Source data
▬▬▬▬▬▬
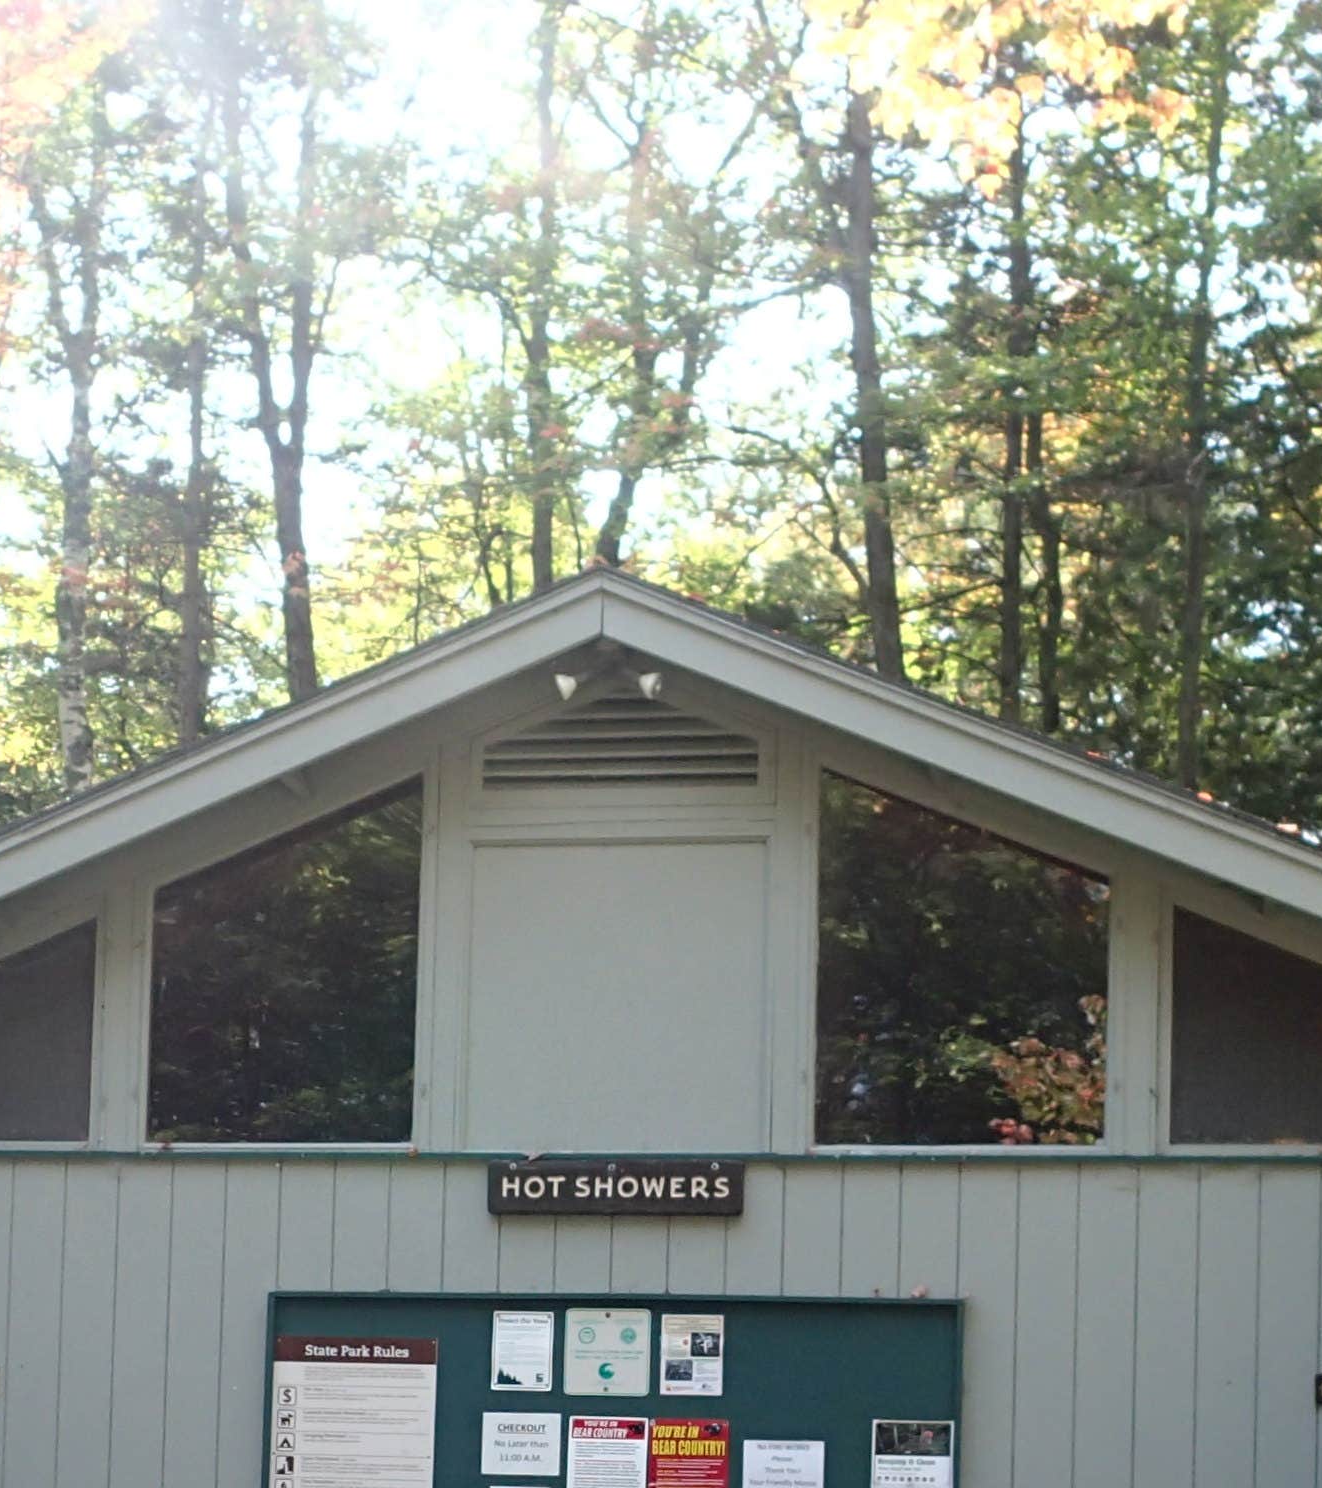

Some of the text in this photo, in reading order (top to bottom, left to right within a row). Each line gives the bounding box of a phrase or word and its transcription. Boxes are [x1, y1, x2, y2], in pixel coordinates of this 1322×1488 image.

[501, 1176, 730, 1199] HOT SHOWERS
[305, 1344, 409, 1358] State Park Rules
[497, 1423, 546, 1433] CHECKOUT
[573, 1428, 628, 1439] BEAR COUNTRY
[652, 1425, 699, 1438] YOU'RE IN
[508, 1440, 528, 1448] Later
[530, 1440, 549, 1448] than
[652, 1440, 726, 1457] BEAR COUNTRY!
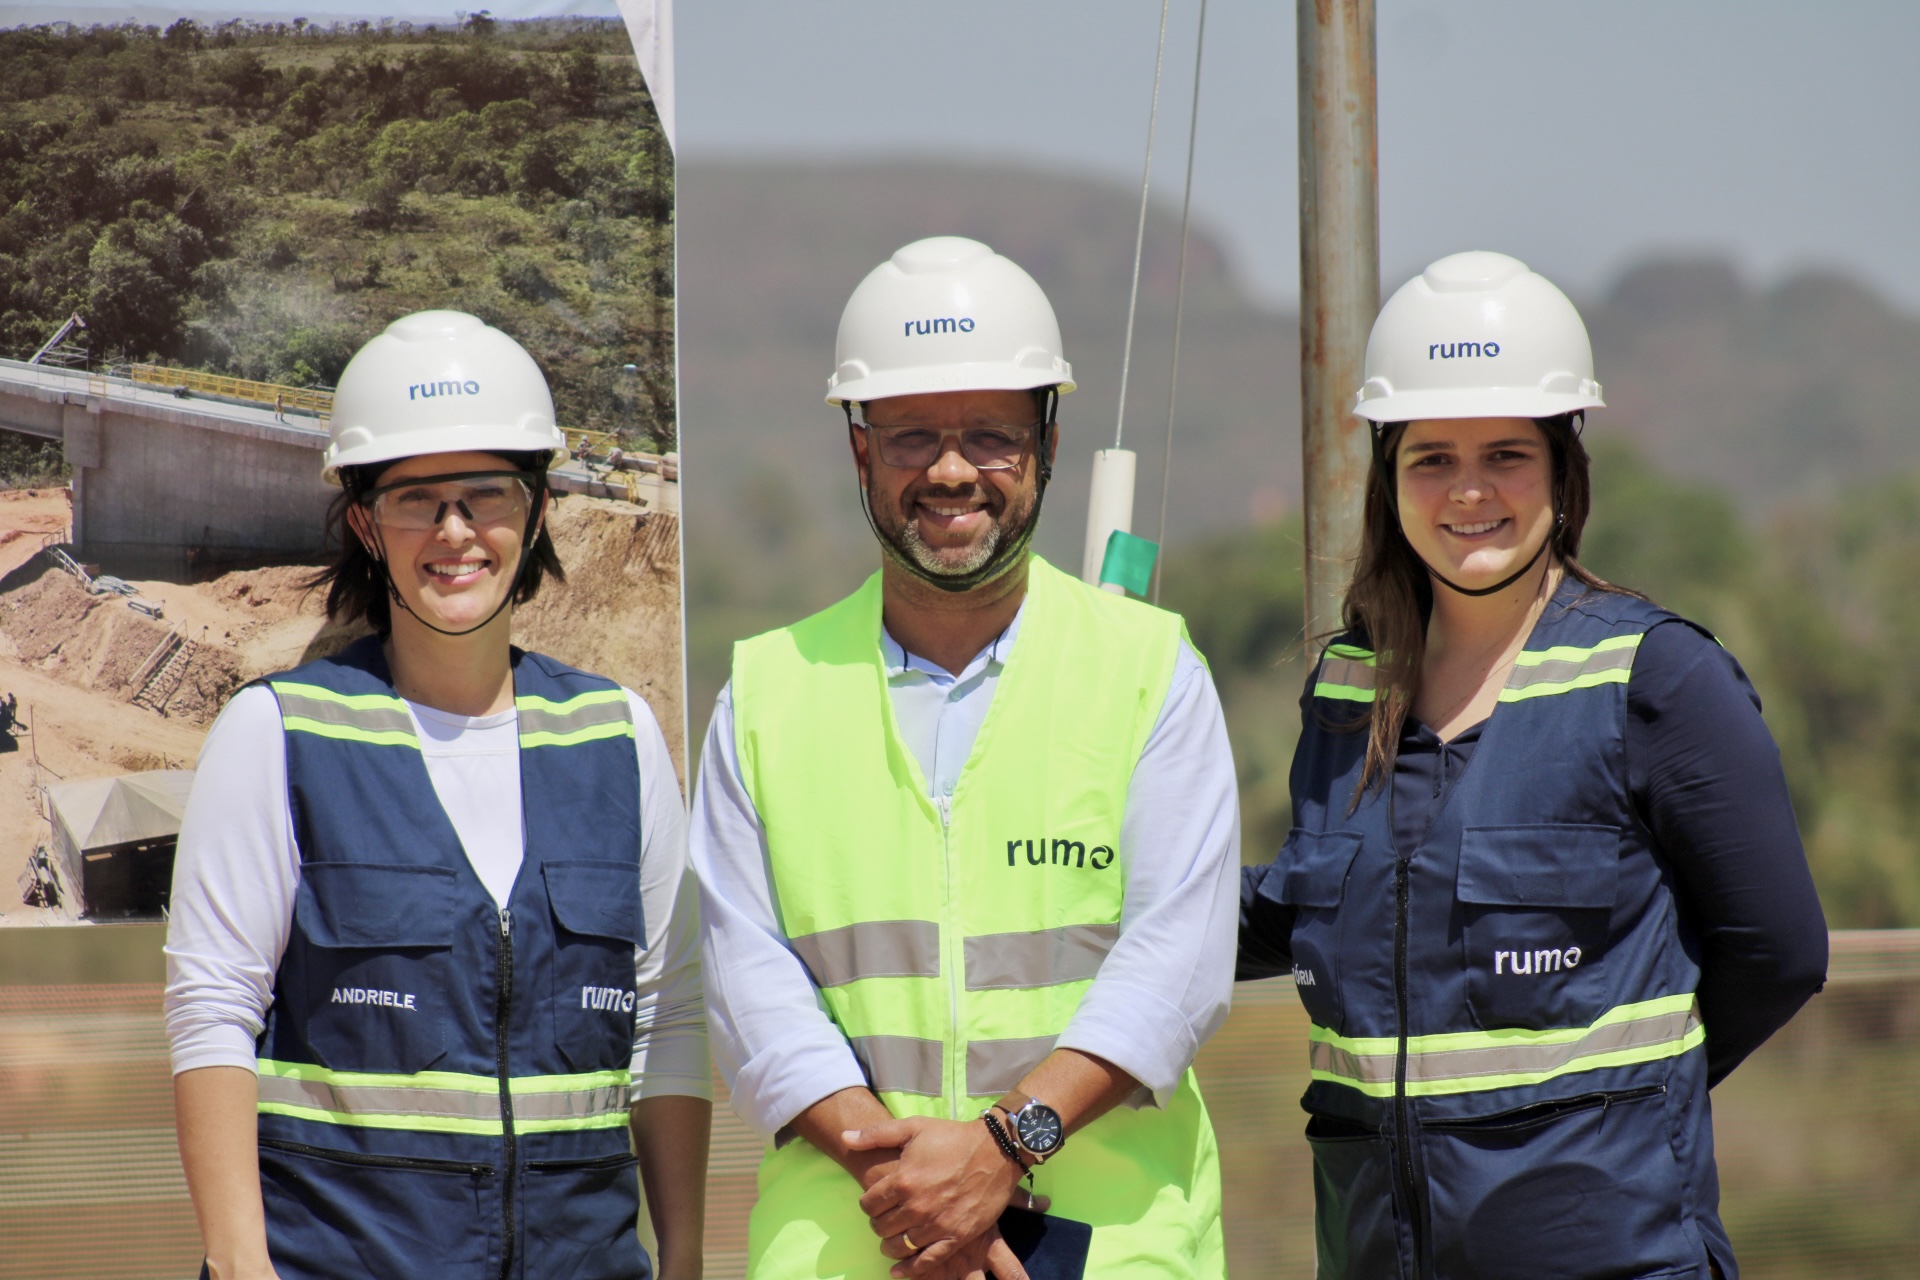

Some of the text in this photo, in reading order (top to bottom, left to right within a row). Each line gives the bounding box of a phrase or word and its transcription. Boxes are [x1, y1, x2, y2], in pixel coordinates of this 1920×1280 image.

[904, 318, 976, 337] rumo
[1429, 341, 1501, 360] rumo
[409, 380, 480, 400] rumo
[1007, 838, 1115, 870] rumo
[1494, 946, 1582, 975] rumo
[1292, 963, 1316, 985] ÓRIA
[331, 988, 416, 1011] ANDRIELE
[582, 986, 636, 1012] rumo
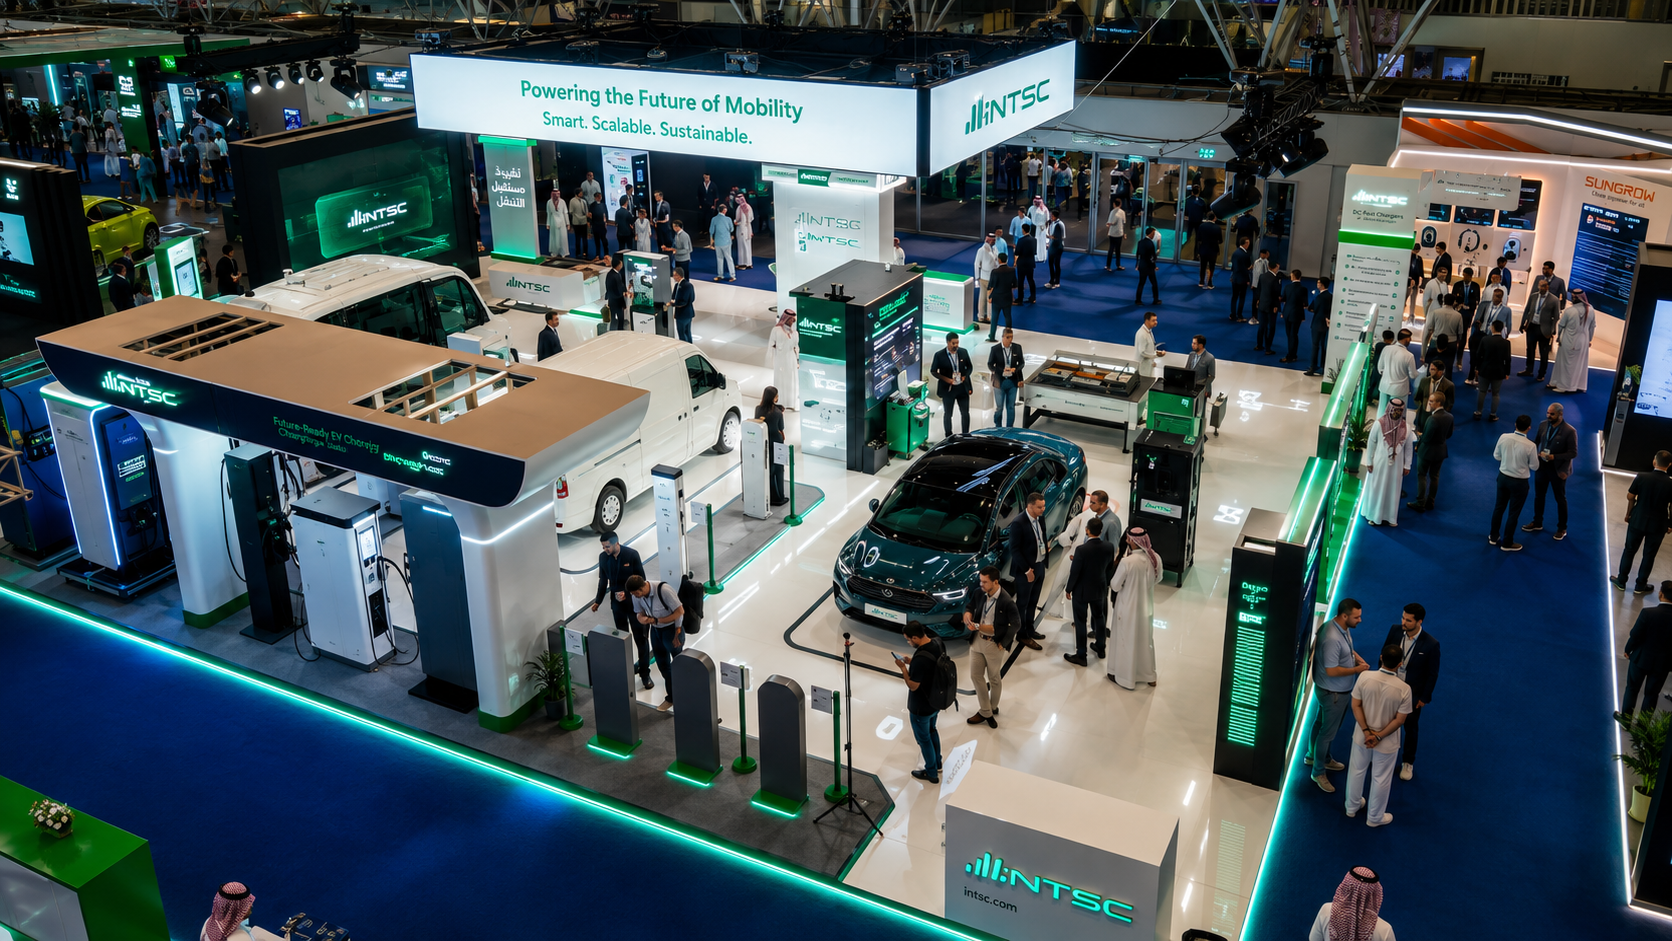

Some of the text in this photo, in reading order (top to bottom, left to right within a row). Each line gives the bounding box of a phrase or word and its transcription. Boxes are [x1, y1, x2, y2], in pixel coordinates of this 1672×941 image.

[521, 80, 803, 124] Powering the Future of Mobility
[543, 111, 752, 145] Smart. Scalable. Sustainable.
[1585, 176, 1655, 202] SUNGROW
[963, 886, 1018, 913] intsc.com
▬▬▬▬▬▬
Would you reproduce, word for word, the lines from the one holding "this 1672×941 image." through the final line of the entries, both included?

● Task result
Some of the text in this photo, in reading order (top to bottom, left to right within a row). Each line gives the bounding box of a phrase or word and its transcription. Boxes are [x1, y1, x2, y2], in pixel coordinates of this 1672×941 image.

[521, 80, 803, 124] Powering the Future of Mobility
[543, 111, 752, 145] Smart. Scalable. Sustainable.
[1585, 176, 1655, 202] SUNGROW
[963, 886, 1018, 913] intsc.com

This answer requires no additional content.